I travel quite a bit and have been stopped many times for no reason other than to be searched. The cops always say the exact same words: “Do you mind if I search your car?” That line must work on almost everybody since every damned one of them gets confused when I refuse to consent to the search.
Either South Australian police are so clean that pinching some booze and laptops from drug-dealers is a massive no-no or the guys that are investigated have not been handing along their piece of the action.
http://www.theguardian.com/australia-news/2014/oct/13/six-south-australian-police-officers-arrested-in-corruption-investigation
“It showed that the motorists were detained for a violation they did not commit — a failure to signal during a lane change — and authorities were compelled to return 90 percent of the money.”

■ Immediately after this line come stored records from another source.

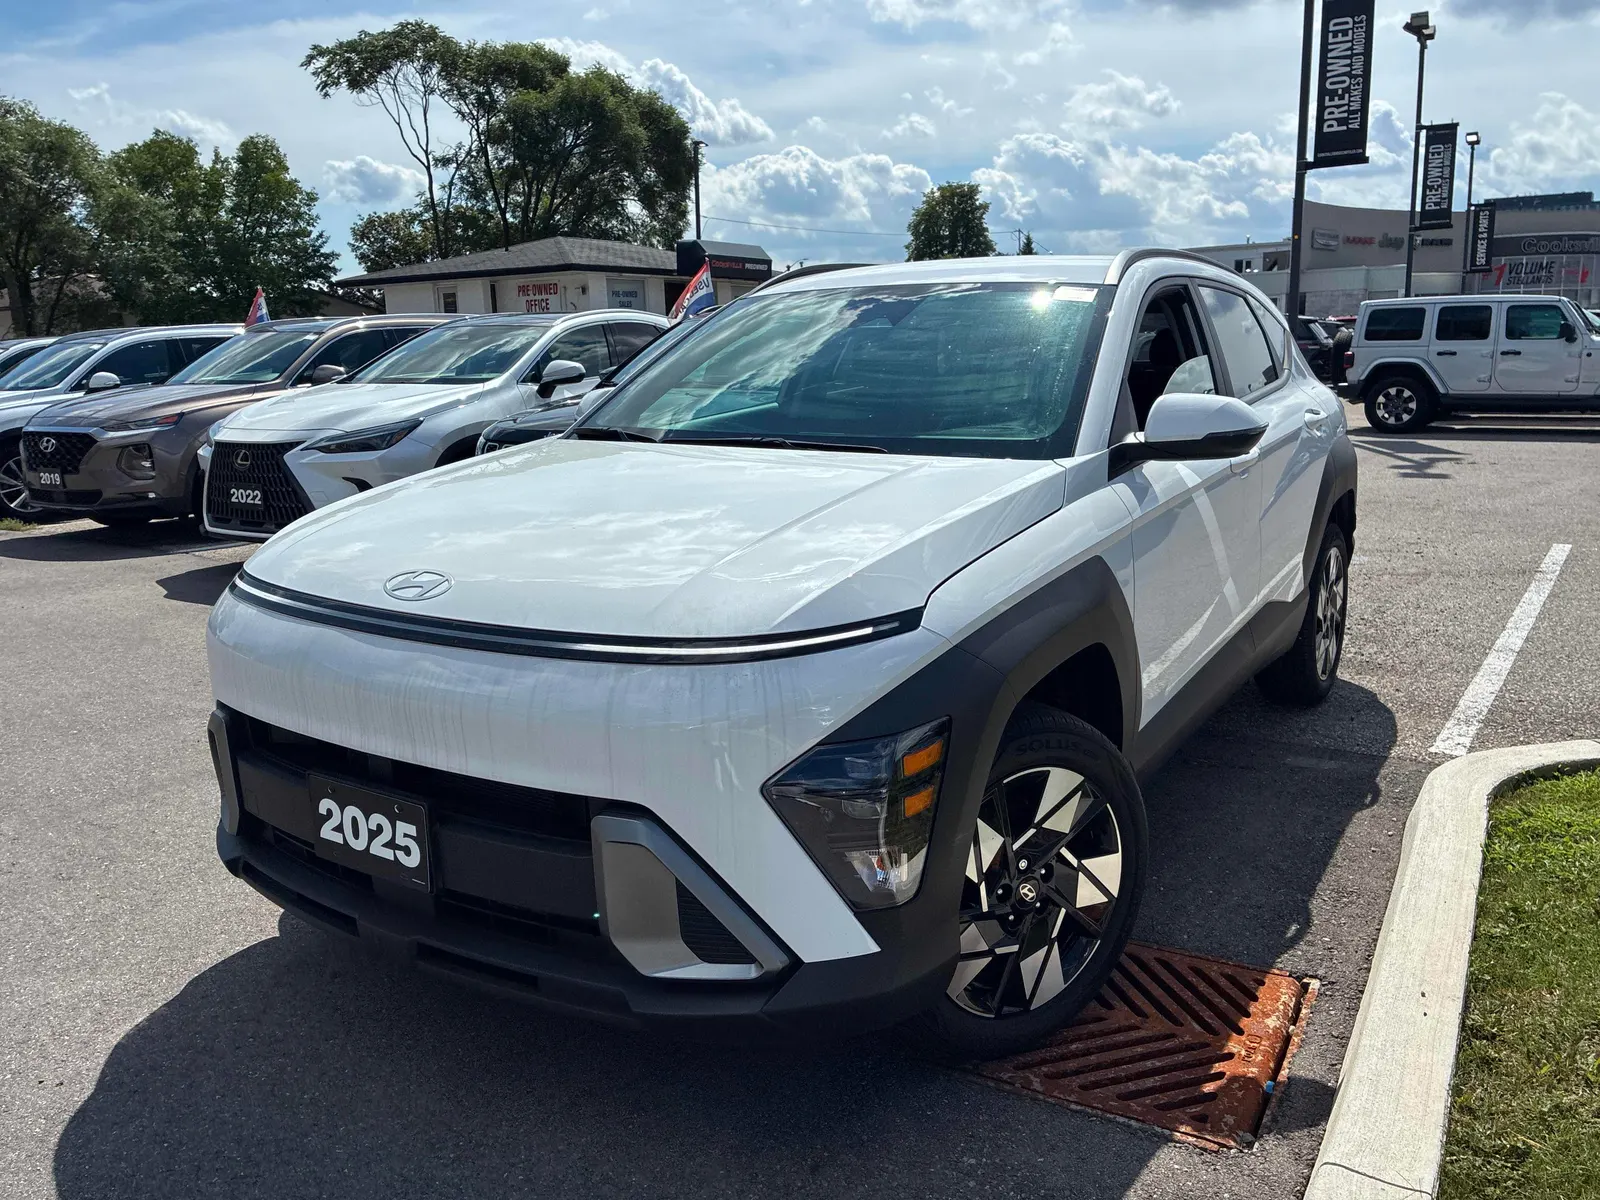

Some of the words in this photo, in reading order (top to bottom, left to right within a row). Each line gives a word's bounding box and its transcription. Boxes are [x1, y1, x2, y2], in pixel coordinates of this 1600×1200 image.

[1353, 14, 1367, 53] MODELS
[1352, 54, 1364, 75] AND
[1323, 16, 1353, 133] PRE-OWNED
[1350, 78, 1363, 110] MAKES
[1348, 111, 1360, 129] ALL
[1425, 144, 1444, 210] PRE-OWNED
[1479, 210, 1489, 232] PARTS
[1476, 239, 1488, 265] SERVICE
[744, 262, 768, 271] PREOWNED
[1508, 260, 1556, 275] VOLUME
[1506, 274, 1554, 285] STELLANTIS
[517, 282, 558, 297] PRE-OWNED
[611, 290, 638, 298] PRE-OWNED
[525, 298, 550, 313] OFFICE
[618, 300, 633, 308] SALES
[39, 472, 61, 486] 2019
[229, 488, 262, 505] 2022
[318, 797, 421, 868] 2025
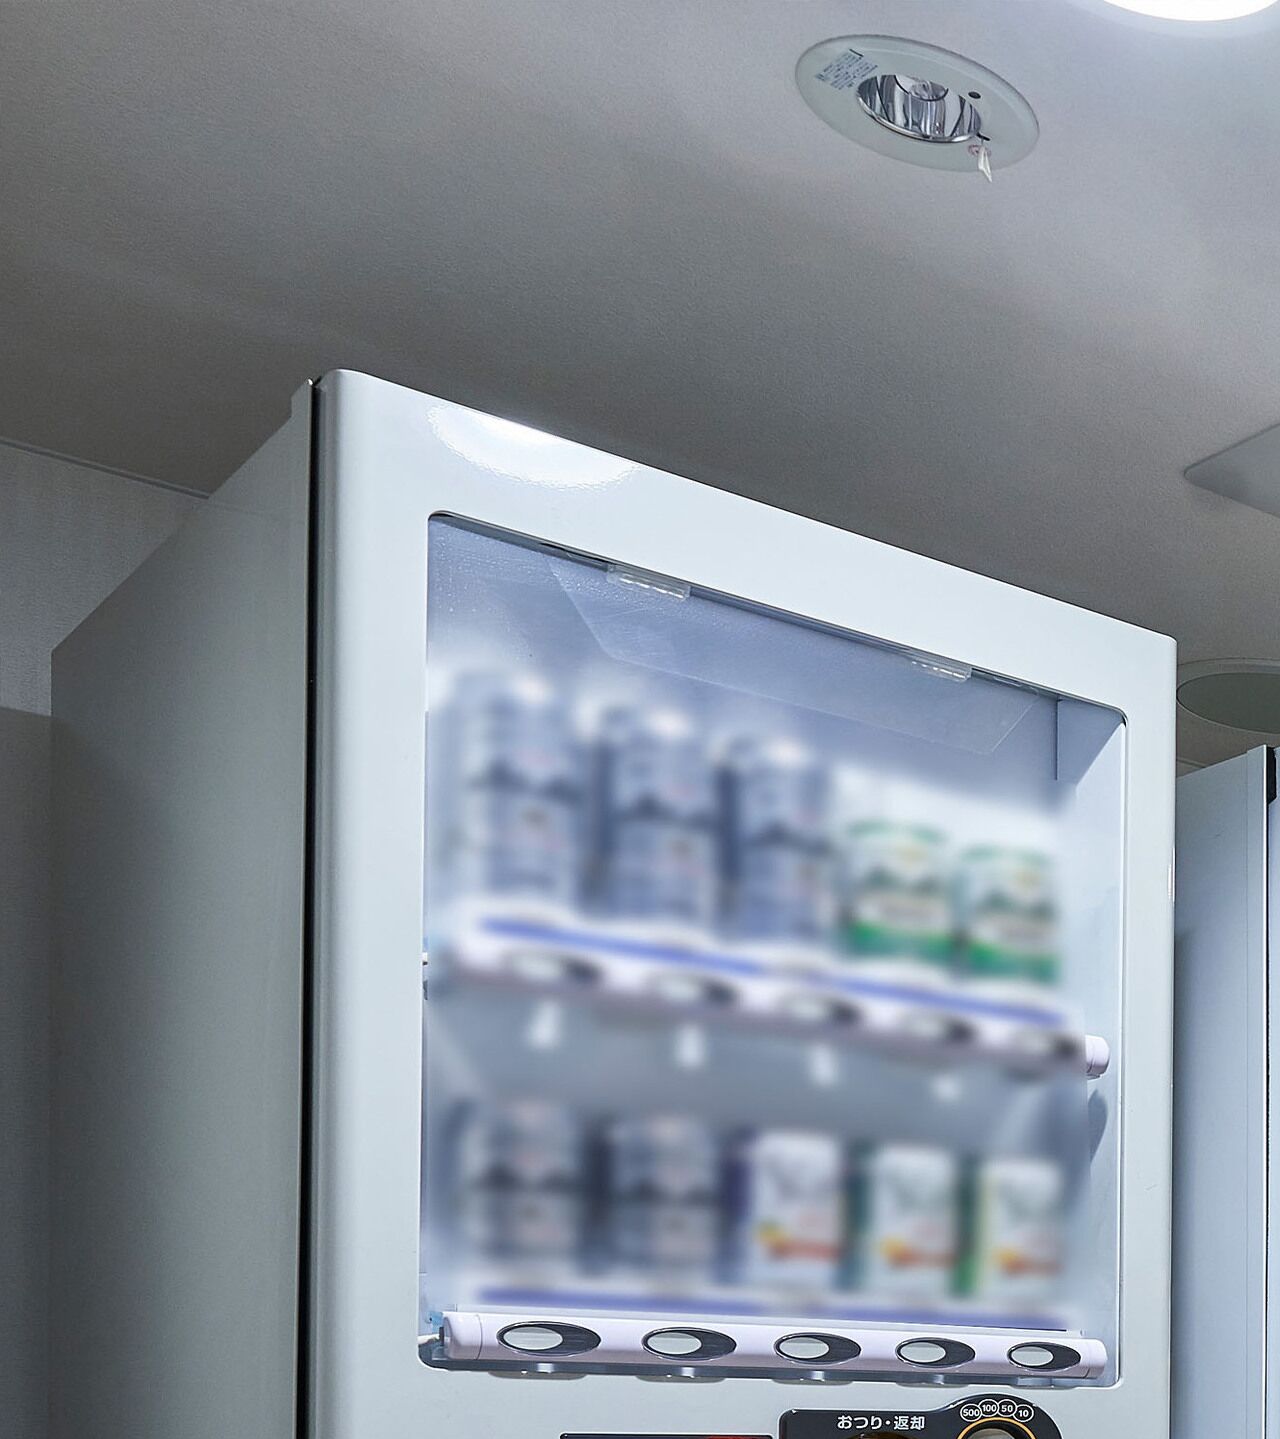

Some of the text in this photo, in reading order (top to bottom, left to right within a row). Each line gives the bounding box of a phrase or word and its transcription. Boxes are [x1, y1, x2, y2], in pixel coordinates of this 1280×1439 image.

This is outrageous. No crime committed–as if changing lanes without signalling could be a crime–and they lose ten grand? There has to be more to the story but whatever happened to “fruit of the poisonous tree?”
So much of policing today revolves around stopping people in their cars. I guess it’s a relatively safe and effortless way to make a buck.
I haven’t been a big fan of the notion of driver-less cars, but they might have an interesting side effect. Presuming that driver-less cars are built to adhere strictly to the rules of the road, police forces may find their cash-cow gutted.
Re: the prettification of mundane job descriptions. My favourite takedown of this trend was something I read long ago: “A garbage man will smell the same, though we pass a law requiring us to call him Philosopher King.”
I got my drivers license in 1958. I do a lot of driving in the mid-Atlantic region. Back roads are my favorite, but some trips require toll roads and interstates. Equipped with a performance enhanced HEMI powered pickup truck, the most reliable radar/laser detector and millions of miles under my belt, I haven’t had a traffic stop in decades. Until…three weeks ago traveling East around Carlyle on the Pennsylvania Turnpike I was nabbed. The trooper approached the driver’s window and said: “Sir, this stop is being recorded on audio and video. The speed limit is 70, you were going 86.… Read more »
PA is outlandish with the fees. I got hit the same way years back. They had a group of trainees running a radar trap at the bottom of a hill. They pulled over at least twenty cars while I was getting my $150 warning. It is highway robbery.